● What to work on:
Please reproduce each of the entries below exactly as they appear.

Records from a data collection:
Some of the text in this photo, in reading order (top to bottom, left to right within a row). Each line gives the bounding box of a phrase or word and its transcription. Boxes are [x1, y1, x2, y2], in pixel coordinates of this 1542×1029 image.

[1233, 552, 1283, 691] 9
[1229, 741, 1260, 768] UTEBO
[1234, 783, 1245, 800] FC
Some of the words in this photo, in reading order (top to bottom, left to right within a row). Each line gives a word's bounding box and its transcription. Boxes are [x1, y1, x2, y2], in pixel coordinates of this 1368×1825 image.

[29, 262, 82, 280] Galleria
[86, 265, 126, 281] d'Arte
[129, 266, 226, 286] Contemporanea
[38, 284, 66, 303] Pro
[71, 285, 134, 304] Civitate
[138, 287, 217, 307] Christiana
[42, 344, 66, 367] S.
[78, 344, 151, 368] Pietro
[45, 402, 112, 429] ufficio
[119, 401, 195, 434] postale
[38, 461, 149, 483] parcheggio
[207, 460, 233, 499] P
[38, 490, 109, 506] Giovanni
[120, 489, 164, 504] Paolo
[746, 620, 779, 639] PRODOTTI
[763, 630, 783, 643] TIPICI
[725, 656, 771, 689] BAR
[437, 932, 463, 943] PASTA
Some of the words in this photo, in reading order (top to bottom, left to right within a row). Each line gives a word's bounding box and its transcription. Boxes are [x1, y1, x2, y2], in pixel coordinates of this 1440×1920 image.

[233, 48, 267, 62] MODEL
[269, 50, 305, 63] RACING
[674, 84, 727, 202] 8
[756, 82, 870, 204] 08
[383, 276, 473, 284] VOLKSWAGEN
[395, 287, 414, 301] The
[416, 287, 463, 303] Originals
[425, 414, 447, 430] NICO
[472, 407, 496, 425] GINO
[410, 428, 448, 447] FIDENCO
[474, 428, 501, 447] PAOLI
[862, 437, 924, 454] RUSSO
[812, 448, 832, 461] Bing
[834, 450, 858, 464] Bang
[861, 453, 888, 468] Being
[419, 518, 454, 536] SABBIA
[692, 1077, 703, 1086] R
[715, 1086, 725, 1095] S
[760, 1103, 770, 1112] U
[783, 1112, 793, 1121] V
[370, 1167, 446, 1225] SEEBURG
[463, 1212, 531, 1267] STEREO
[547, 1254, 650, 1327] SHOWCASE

● Output for this task:
Some of the text in this photo, in reading order (top to bottom, left to right within a row). Each line gives the bounding box of a phrase or word and its transcription. Boxes are [x1, y1, x2, y2], in pixel coordinates of this 1542×1029 image.

[1233, 552, 1283, 691] 9
[1229, 741, 1260, 768] UTEBO
[1234, 783, 1245, 800] FC
Some of the words in this photo, in reading order (top to bottom, left to right within a row). Each line gives a word's bounding box and its transcription. Boxes are [x1, y1, x2, y2], in pixel coordinates of this 1368×1825 image.

[29, 262, 82, 280] Galleria
[86, 265, 126, 281] d'Arte
[129, 266, 226, 286] Contemporanea
[38, 284, 66, 303] Pro
[71, 285, 134, 304] Civitate
[138, 287, 217, 307] Christiana
[42, 344, 66, 367] S.
[78, 344, 151, 368] Pietro
[45, 402, 112, 429] ufficio
[119, 401, 195, 434] postale
[38, 461, 149, 483] parcheggio
[207, 460, 233, 499] P
[38, 490, 109, 506] Giovanni
[120, 489, 164, 504] Paolo
[746, 620, 779, 639] PRODOTTI
[763, 630, 783, 643] TIPICI
[725, 656, 771, 689] BAR
[437, 932, 463, 943] PASTA
Some of the words in this photo, in reading order (top to bottom, left to right within a row). Each line gives a word's bounding box and its transcription. Boxes are [x1, y1, x2, y2], in pixel coordinates of this 1440×1920 image.

[233, 48, 267, 62] MODEL
[269, 50, 305, 63] RACING
[674, 84, 727, 202] 8
[756, 82, 870, 204] 08
[383, 276, 473, 284] VOLKSWAGEN
[395, 287, 414, 301] The
[416, 287, 463, 303] Originals
[425, 414, 447, 430] NICO
[472, 407, 496, 425] GINO
[410, 428, 448, 447] FIDENCO
[474, 428, 501, 447] PAOLI
[862, 437, 924, 454] RUSSO
[812, 448, 832, 461] Bing
[834, 450, 858, 464] Bang
[861, 453, 888, 468] Being
[419, 518, 454, 536] SABBIA
[692, 1077, 703, 1086] R
[715, 1086, 725, 1095] S
[760, 1103, 770, 1112] U
[783, 1112, 793, 1121] V
[370, 1167, 446, 1225] SEEBURG
[463, 1212, 531, 1267] STEREO
[547, 1254, 650, 1327] SHOWCASE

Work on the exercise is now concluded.